Resource from Clio Chang at Curbed. (n.a.). https://www.curbed.com/author/clio-chang/. https://www.curbed.com/2023/03/good-cause-eviction-new-york-courts-losing.html

Call it good cause eviction or universal rent control, but the truth is a wretched legislative proposal by any name reeks just the same. A sincere and candid economist (preferably with one hand as President Truman liked them) will tell you that rent control is not a sound way to increase the amount of affordable housing as price ceilings create supply/demand disequilibrium. Sound economic theory be damned, however: the “give-them-what-they-want-and-then-some” Bernie Sanders has called for the need for “national rent control” while Alexandria Ocasio-Cortez—never one to be outdone when it comes to grandstanding and bloviating—demanded, “it’s time that we stop commodifying the housing market.”

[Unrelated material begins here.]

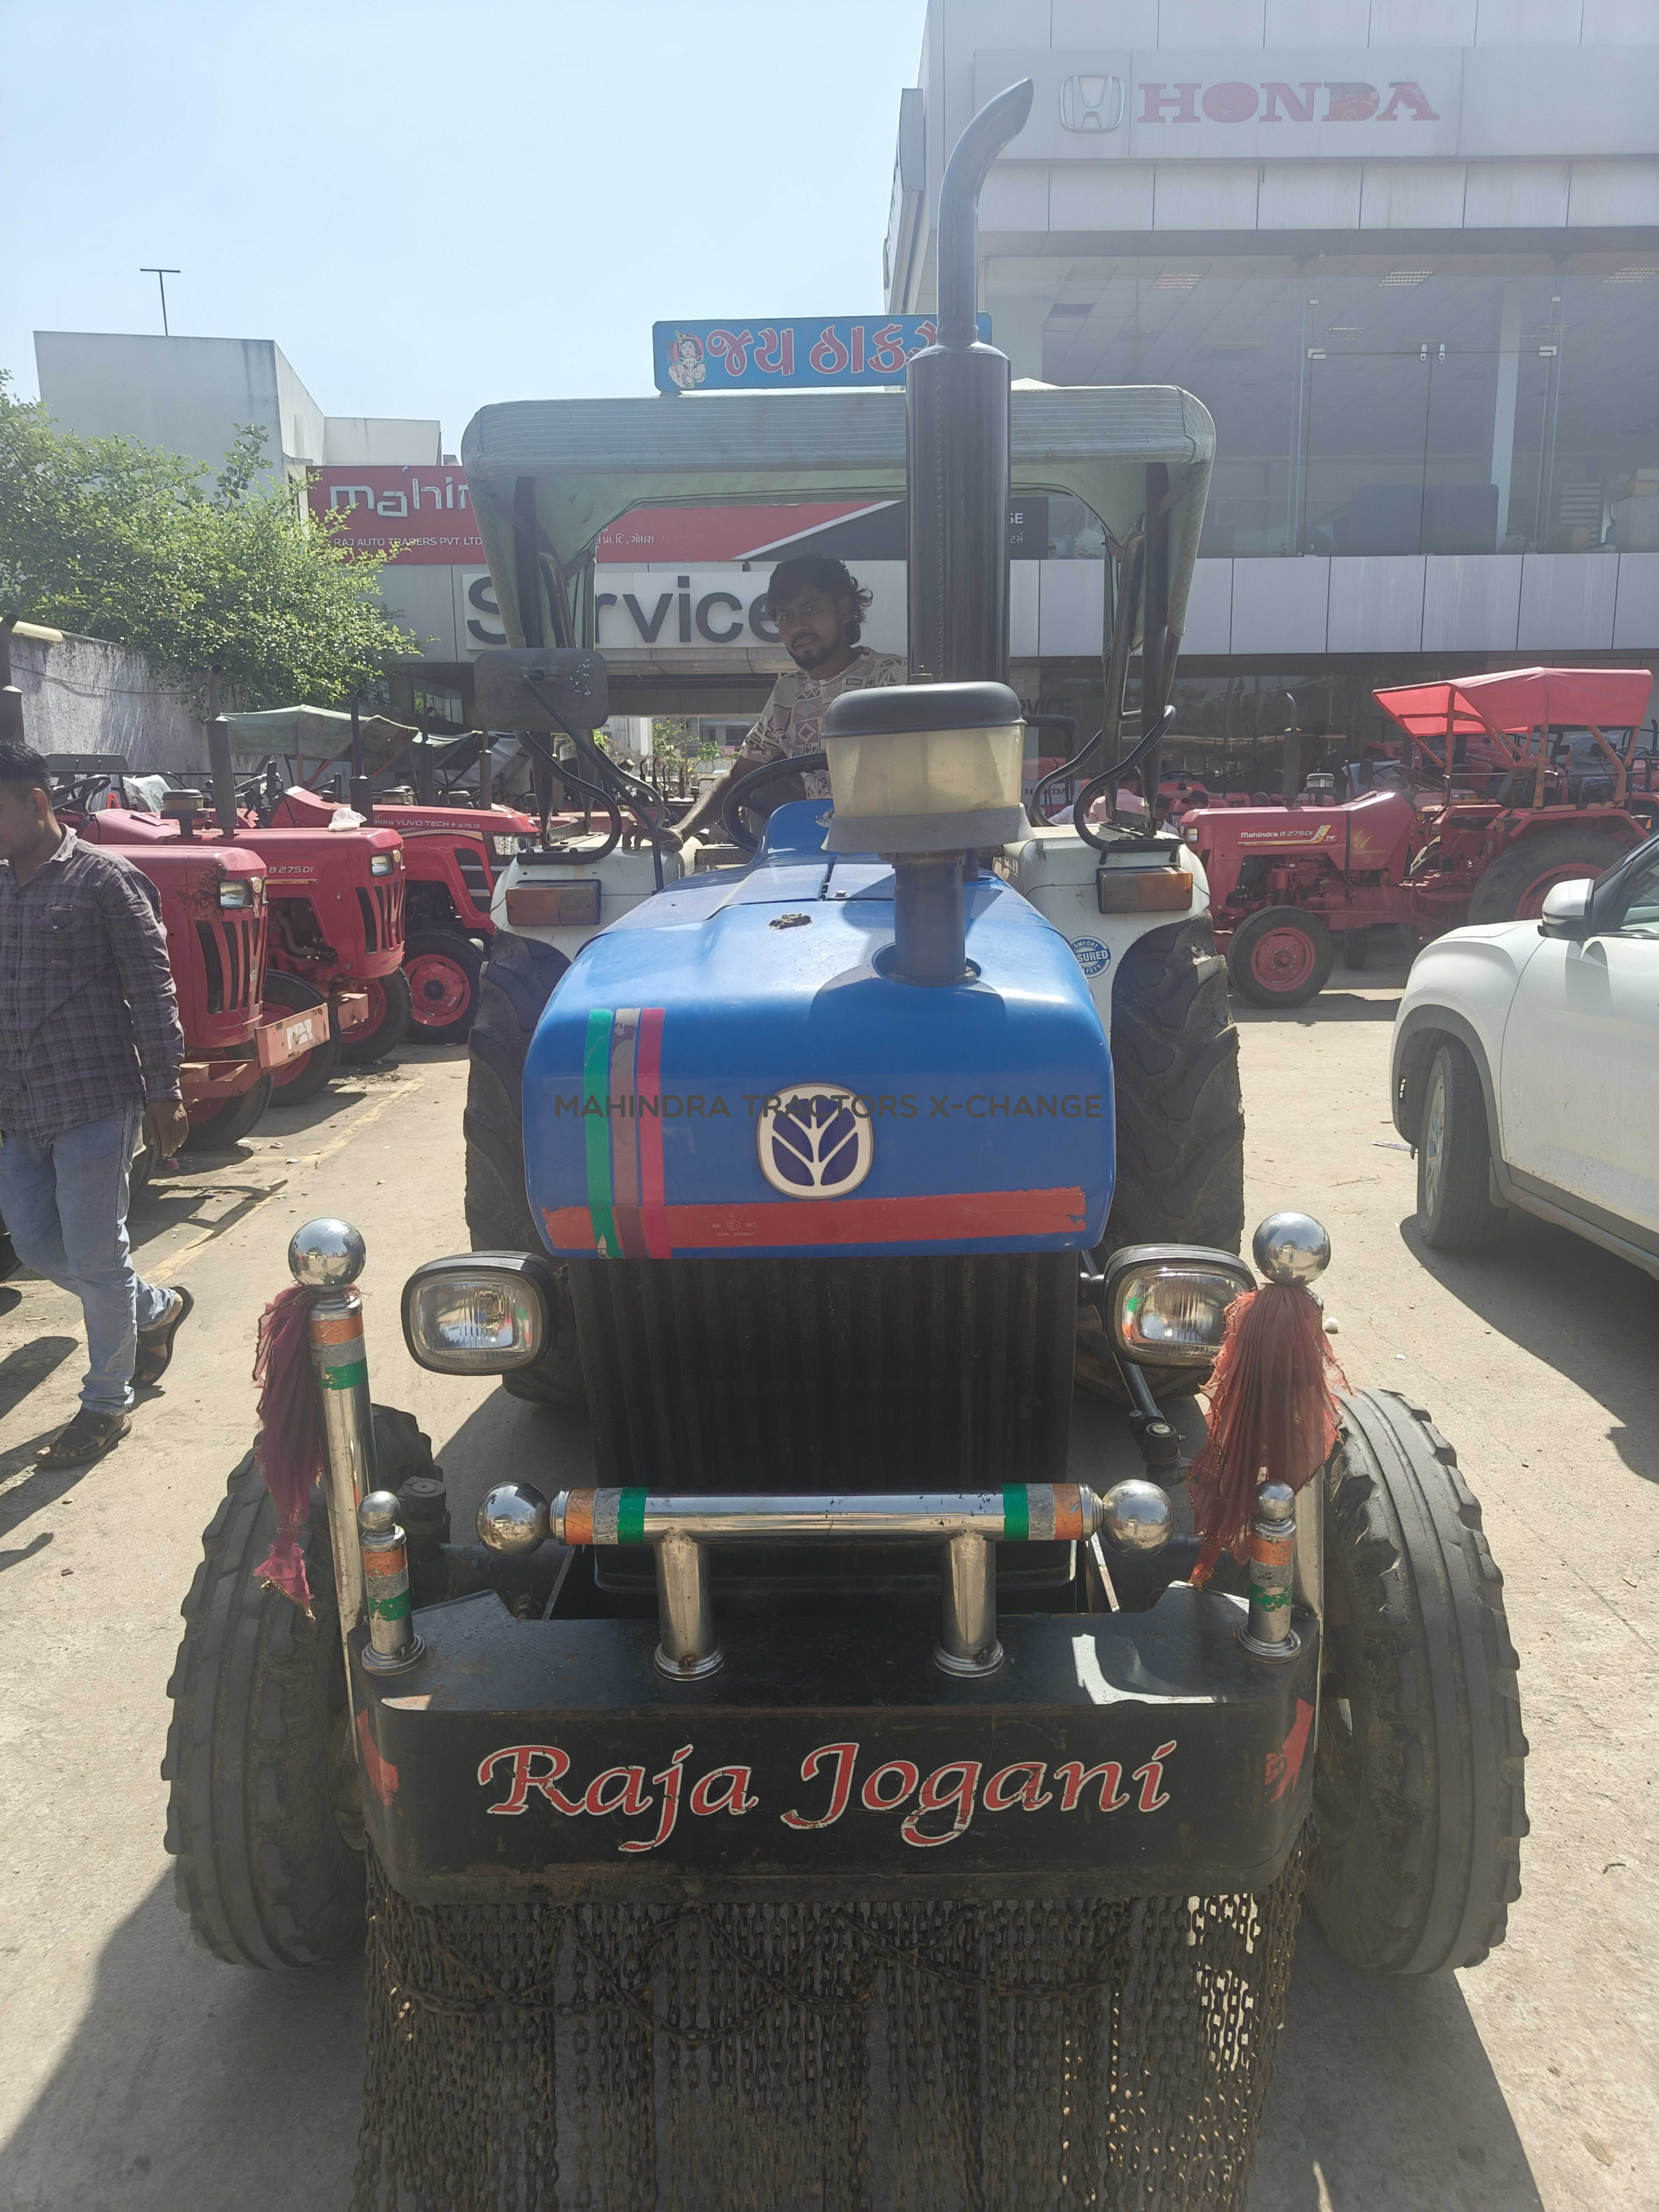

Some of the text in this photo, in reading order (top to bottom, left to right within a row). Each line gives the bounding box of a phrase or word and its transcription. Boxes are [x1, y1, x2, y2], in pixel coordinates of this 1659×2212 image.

Local judges, fortunately, are obligated to adhere to the rule of law and have ignored the politics on this issue. In cities such as Newburgh, Albany, and Poughkeepsie, judges are shooting down local measures aimed at limiting a landlord’s ability to increase free market rents on the rationale that cities simply don’t “have the power to draw a circle around [themselves]” and declare that “state laws [d]on’t apply” to them. That’s sound legal reasoning for sure (as good cause eviction is not the law in NY—it has been mired in legislative limbo for years). Sadly, however, the median household income in many of these cities is below $50,000 while free market rents have increased at a torrid pace (i.e., more than 50% in some cases) leaving many residents floundering on the brink of homelessness.

Rent control is in vogue because America’s housing market is increasingly unaffordable with real housing prices having doubled in NYC since 1970. Nationwide, 25% of renters spend over half their income on housing. Skyrocketing prices are the result of a demand-supply disequilibrium: housing demand across the US is outstripping supply by 370,000 units a year. Rent control is often presented as a solution to greedy landlords taking advantage of pinched renters—it takes aim at the landlord’s profits by limiting rents at below-market levels.

The problem of course is complicated and the fix isn’t simple. There has been a chronic lack of supply (newly built apartments) throughout the state but most notably in NYC. The issue is further exacerbated by the fact that nearly one-third of all units are rent-stabilized putting significant pricing pressure on the remaining available market-rate units. Furthermore, the population has increased by 800,000 people over the past decade but only 200,000 new places have been created for them to live. This isn’t a baffling Millenium Problem on the scale of the Poincare Conjecture, the math here is easy: New York hasn’t built nearly enough and the scale of new housing required to meet current demand is significant. Housing cannot become more affordable without becoming more available…meaning we need more of it. And wishing or wanting developers to build without the right economic incentives is as ludicrous as expecting to run a sub-4-minute mile with a daily diet of Double Trouble Bacon Bites and a training regimen that involves streaming endless hours of Succession.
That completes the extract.